The summer months are when your plant will be under enormous pressure through maintenance regimes and play. Help is needed to move air and water through the profile. My regime is to deep spike monthly throughout the summer. I also put a little bit of heave on the machine to create 'cracking' in the soil. I do this with a small 8mm tine, wide enough for a dressing to go into, but narrow enough to keep disruption to a minimum. It will allow oxygen to get to the roots when they need it most and relieve surface compaction.
The second procedure is topdressing or 'sanding'. To create and cut smooth greens, topdressing is a must. This will help to maintain tighter cuts. The conventional way of topdressing was to apply a 70/30 or 80/20 sand/soil mix. But a lot of people, myself included, are going away from using this type of mix and using straight sand. There are a number of reasons for this.
The first is cost. A sand/soil mix will cost around £20 per tonne more than straight sand from my supplier. When you are applying 200 tonnes per year, the saving is significant. Drainage is also a factor. The most important factor for cutting tight greens is to have a dry surface.
By going with a pure sand dressing you will be creating a sandier rootzone with greater pore spaces for water and air to access roots. But, remember, the most important thing with topdressing is frequency.
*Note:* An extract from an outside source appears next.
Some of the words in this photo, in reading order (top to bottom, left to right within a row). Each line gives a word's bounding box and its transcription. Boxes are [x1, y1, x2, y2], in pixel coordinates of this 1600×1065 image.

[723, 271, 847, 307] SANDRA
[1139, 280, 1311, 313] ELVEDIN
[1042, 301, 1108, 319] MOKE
Ideally, light, fortnightly applications should be applied which will help to keep the surface firm.
The third procedure is verticutting. There has been a lot of debate about this operation over the last few years. The disturbance theory for one, has called for it to be reduced or even eliminated. I think this is a grave mistake. Verticutting a green aggressively and frequently will produce an upright plant.
This will allow the ball to roll across it with minimal friction. When verticutting is decreased, the plant is allowed to grow laterally and drag or 'nap' will affect the ball roll.
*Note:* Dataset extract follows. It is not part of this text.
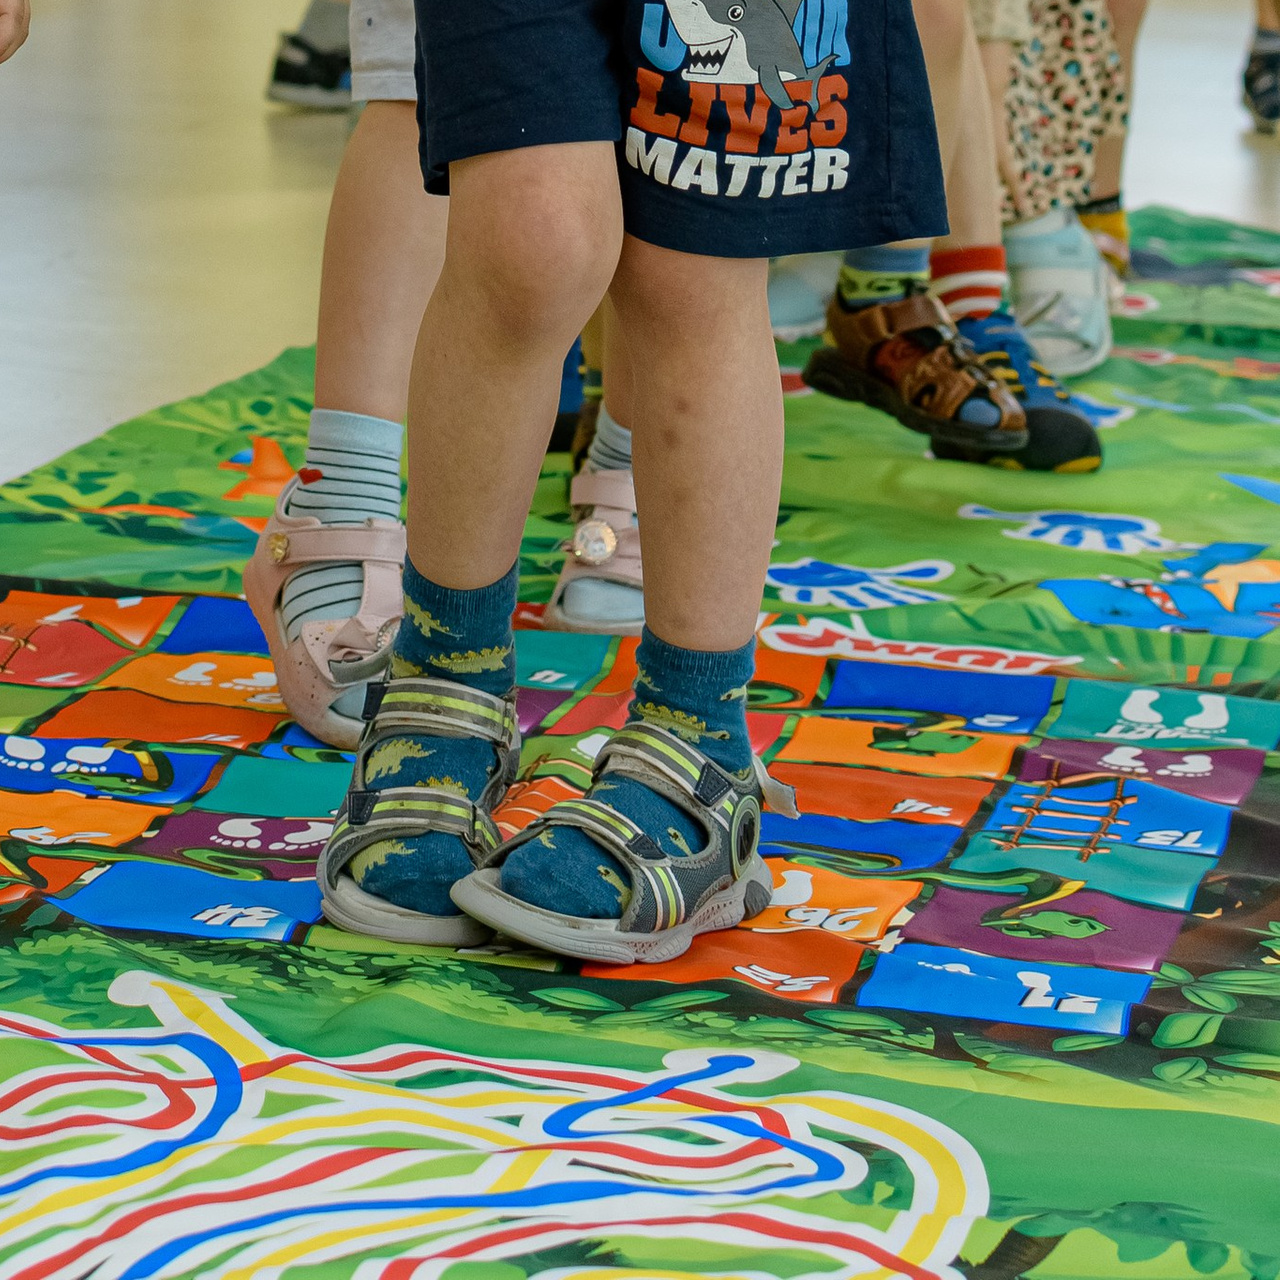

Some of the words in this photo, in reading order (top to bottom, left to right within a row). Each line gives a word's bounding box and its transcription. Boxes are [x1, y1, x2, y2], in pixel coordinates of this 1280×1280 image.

[630, 66, 850, 154] LIVES
[626, 126, 850, 198] MATTER
[1138, 830, 1202, 848] 13
[779, 906, 877, 932] 26
Major equipment manufacturing companies are now encouraging grooming in place of verti-cutting, but their motives may have more to do with sales than exciting golf.
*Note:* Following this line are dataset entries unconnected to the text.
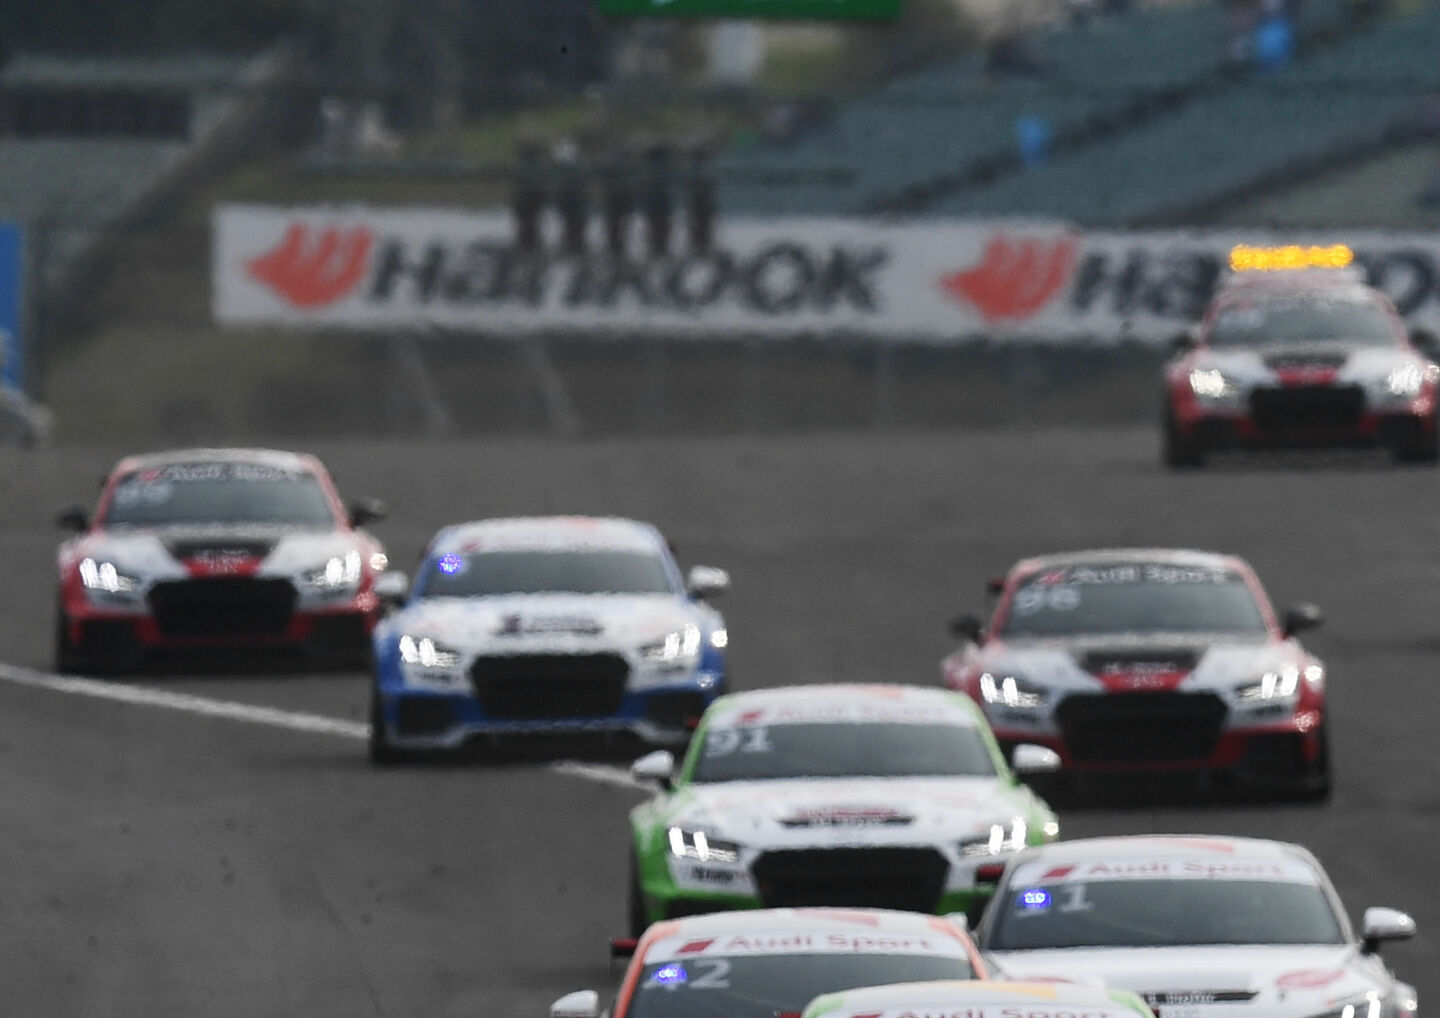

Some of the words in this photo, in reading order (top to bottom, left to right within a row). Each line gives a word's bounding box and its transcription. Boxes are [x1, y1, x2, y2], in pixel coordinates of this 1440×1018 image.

[1088, 862, 1170, 875] Audi
[1183, 861, 1284, 879] Sport
[726, 936, 812, 949] Audi
[827, 935, 931, 951] Sport
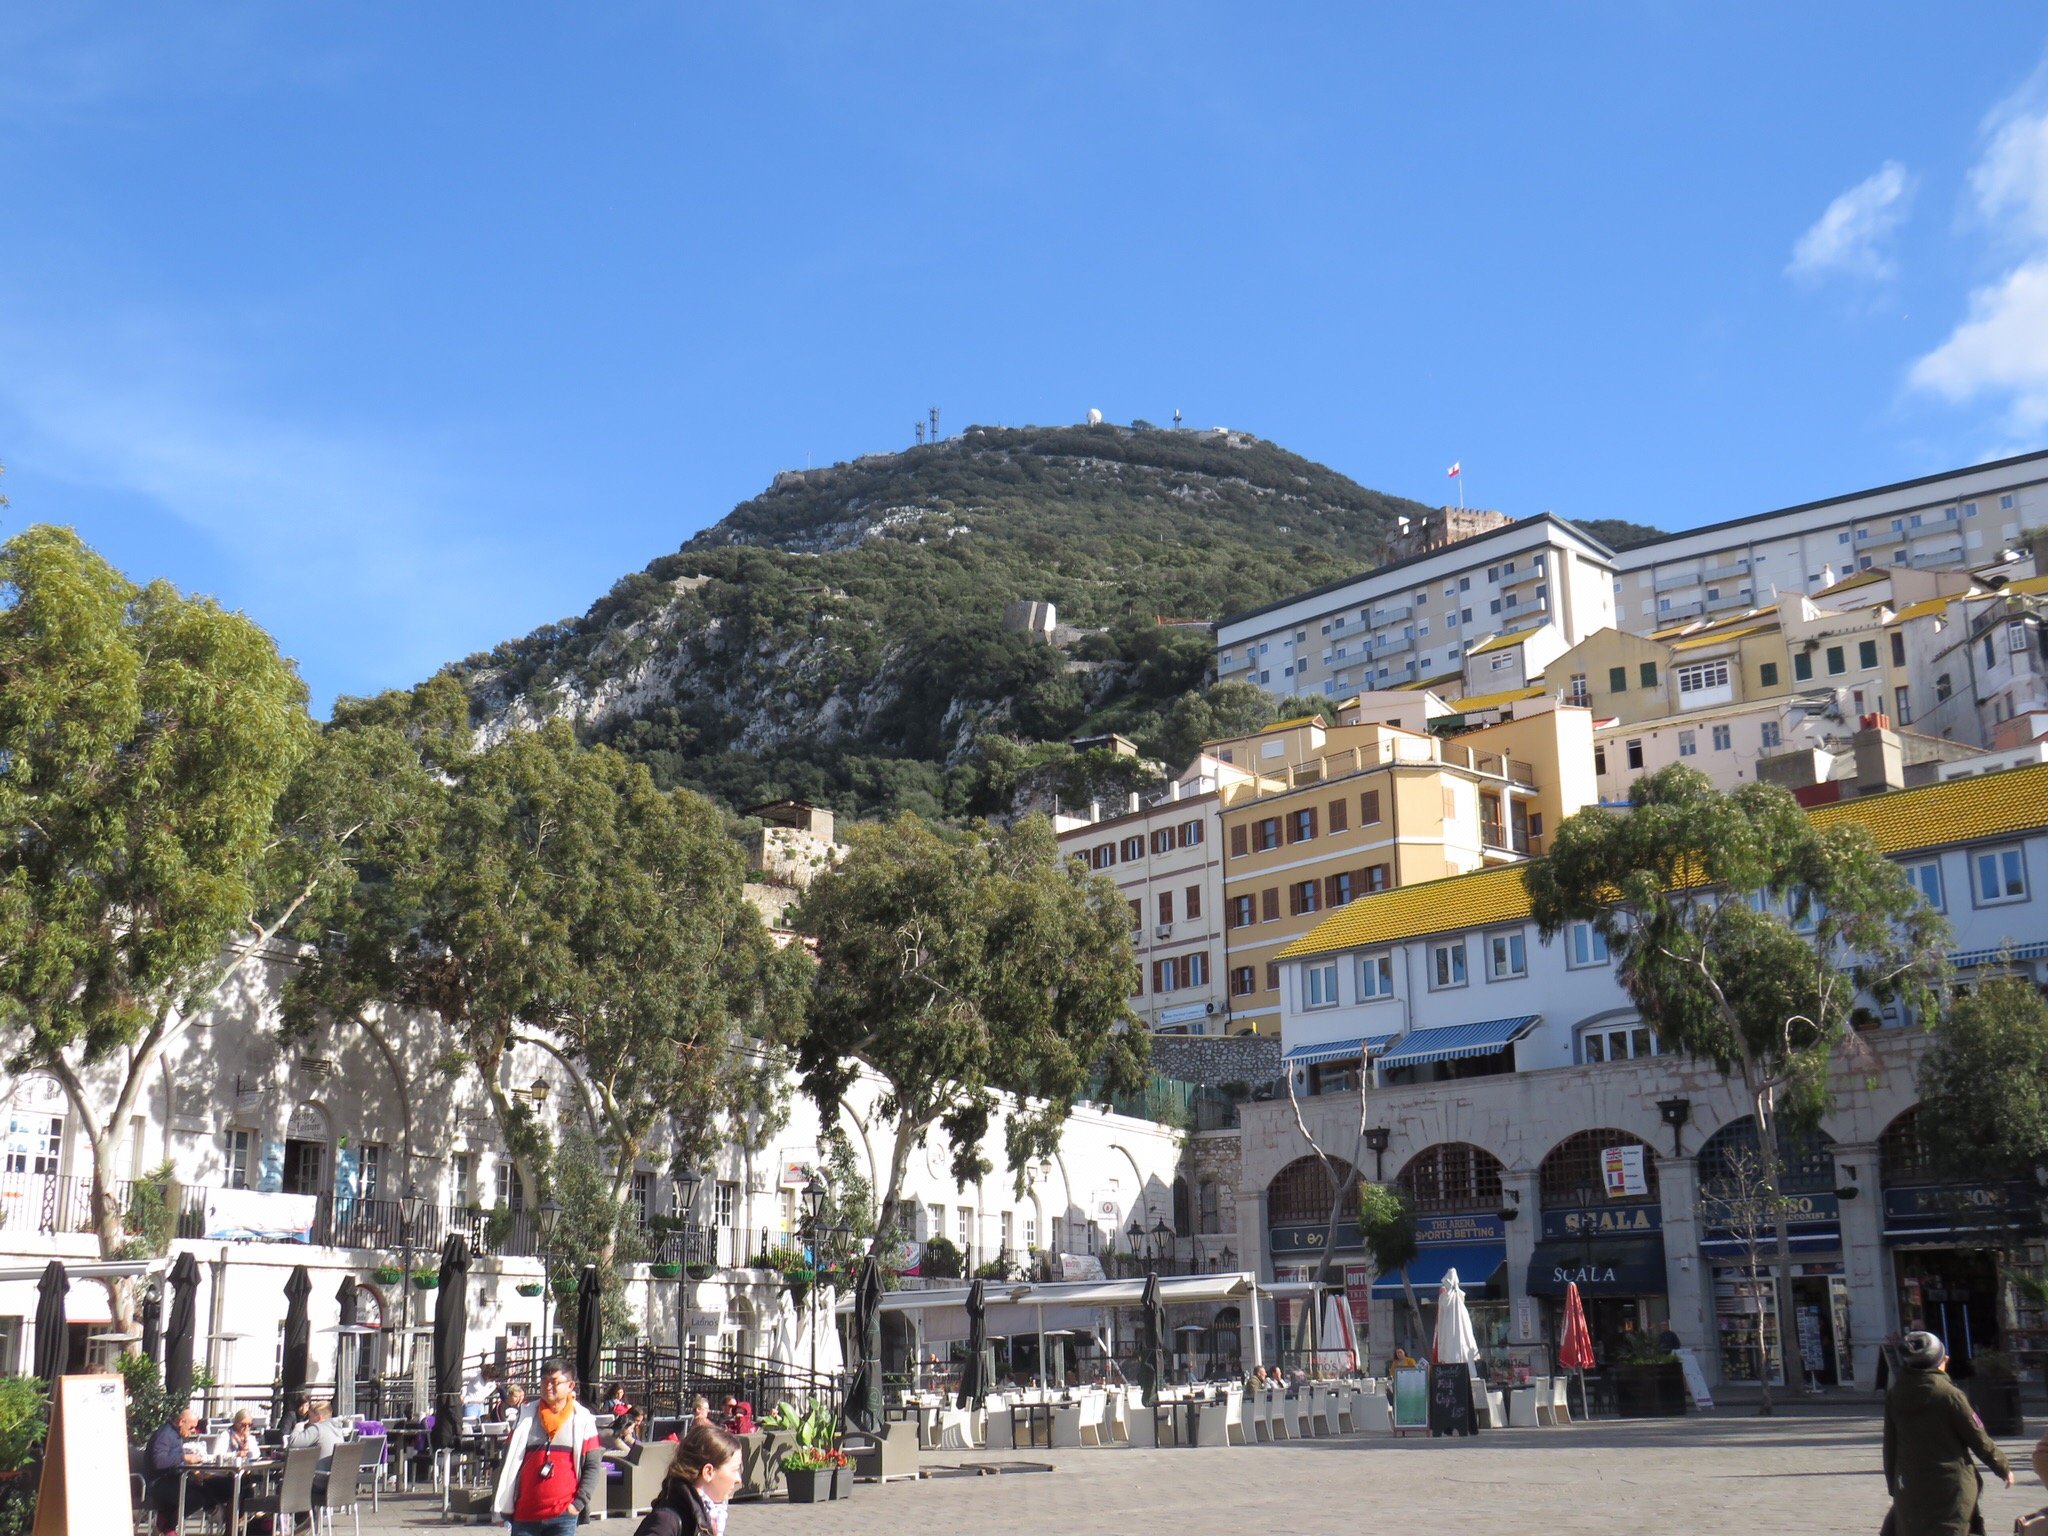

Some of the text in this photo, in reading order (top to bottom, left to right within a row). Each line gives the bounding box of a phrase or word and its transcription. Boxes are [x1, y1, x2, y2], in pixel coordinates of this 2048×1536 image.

[1432, 1219, 1476, 1230] THE ARENA
[1416, 1227, 1494, 1240] SPORTS BETTING
[1553, 1266, 1616, 1282] SCALA
[691, 1315, 719, 1326] Latino's
By grooming frequently, the height can remain higher thus easing the sustainability risk. But the problem with grooming is that it puts a lot of stress on the outside or perimeter cut of the green and, in my opinion, grooming should never be substituted for verti-cutting.
A further problem with reducing the verticutting regime is that it will increase the thatch build up in the top surface. This again will cause the green to become 'nappy' and cause drag on the ball roll.
By putting the emphasis on the three procedures above greenkeepers can move toward a course regime that can sustain a low cut. A well maintained fast green produces the best ball roll and, to achieve this, the height of cut must be low. A poa or bent based green cut at 4mm will not produce a fast ball roll unless additional practices such as rolling and double cutting are applied.
For everyday play this is not feasible or healthy and, if greenkeepers were to do this regularly, it would place the grass plant under even more stress. By cutting at 2mm, you will be able to keep the greens speed fast each day with much less plant stress.
So what will all this do for the greenkeeper's health? Maintaining surfaces that customers want will decrease your stress levels. Contrary to what many people believe, you won't be making a rod for your own back. You can increase membership and societies which will, in turn, increase the clubs revenue. Forgive the pun, but there really could be a short cut to better golf.